Female cyclists complain of harassment on the roads by young men
An Taisce launches campaign to encourage girls to cycle to school every day
Fewer than one in 250 girls cycle to school every day, according to An Taisce, and those who do cycle say they are dealing with “harassment on the roads from drivers and young men”.
The environmental charity has launched a campaign #andshecycles through its Green Schools initiative to try and encourage more teenage girls to cycle and discuss why they do not.
Research carried out on behalf of the organisation found young women are dealing with peer pressure, harassment from drivers and young men and a perception that cycling is “uncool”. Lack of cycle lanes and safety concerns were also raised by participants.

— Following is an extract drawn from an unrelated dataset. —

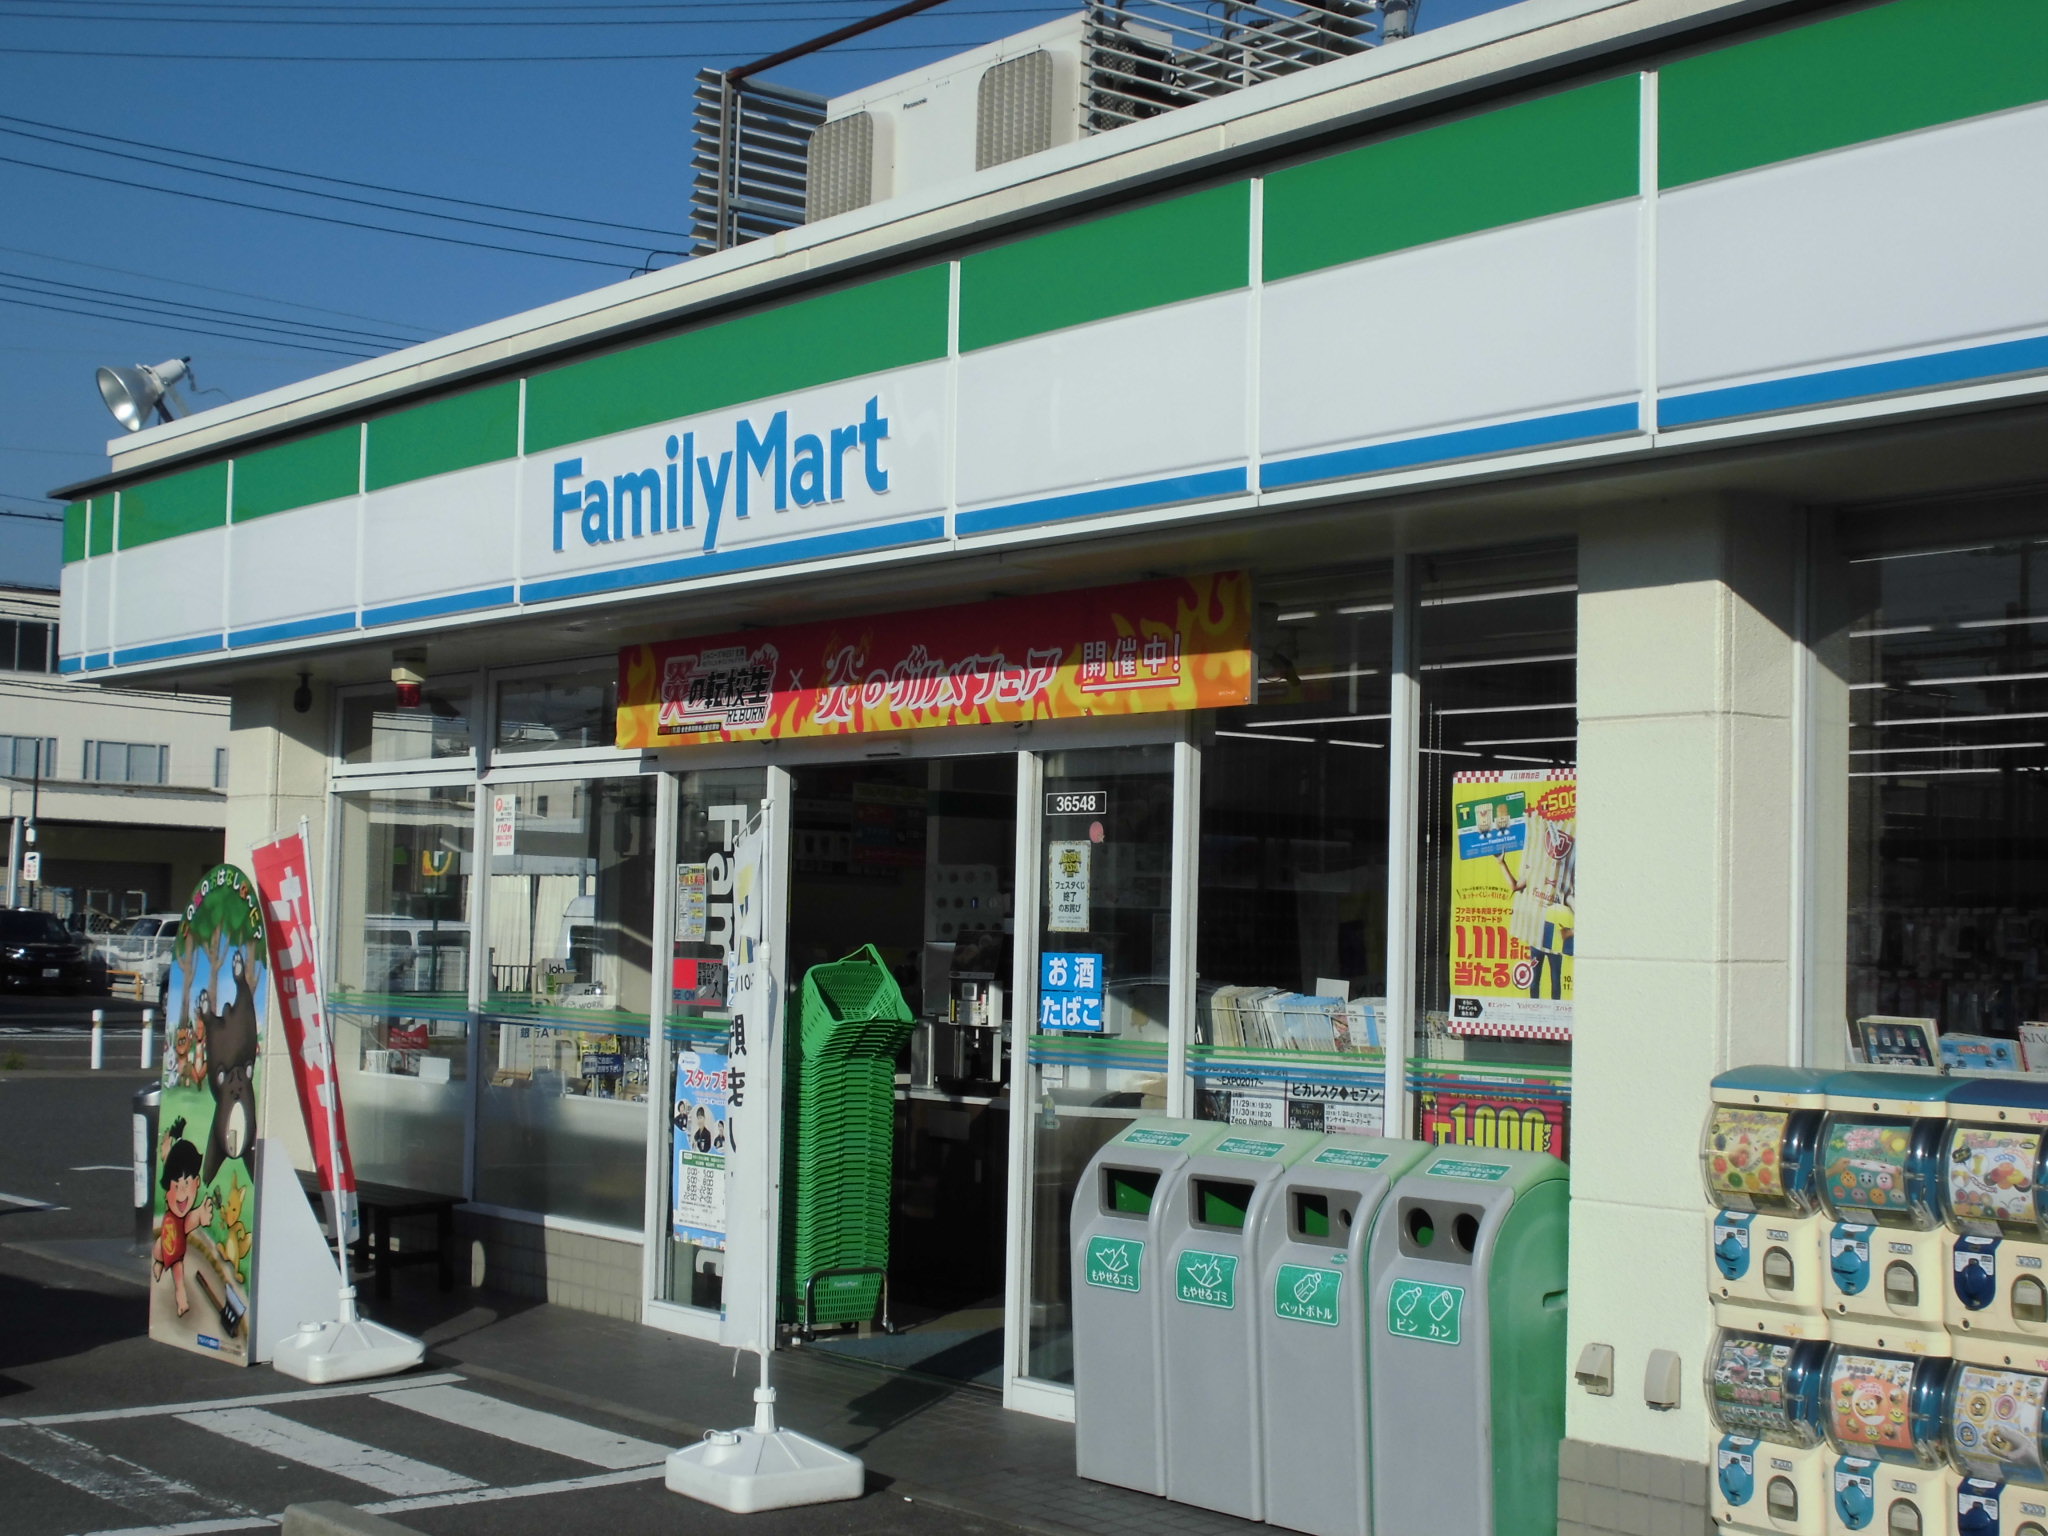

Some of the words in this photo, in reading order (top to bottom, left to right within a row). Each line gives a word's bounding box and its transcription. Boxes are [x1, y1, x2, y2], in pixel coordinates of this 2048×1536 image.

An Taisce said the campaign hopes to change and challenge some of the issues raised through video, social media and continued liaison with students.
Jane Hackett, manager of the Green Schools travel programme said: “We have been working with schools around the country to increase cycling numbers for over ten years.
“Because of this work we realised that although teen girls wanted to cycle the numbers weren’t increasing at the same levels as their male counterparts. So we asked why, and #andshecycles was born.”
An exhibition of portraits of young women with their bikes taken by photographer Ste Murray will be on show from 4pm on Thursday at the Science Gallery to officially launch the campaign.
The exhibition will be followed by a showing of the campaign video and a panel chaired by RTÉ 2FM DJ Tara Stewart. An Taisce is planning to host similar events outside Dublin.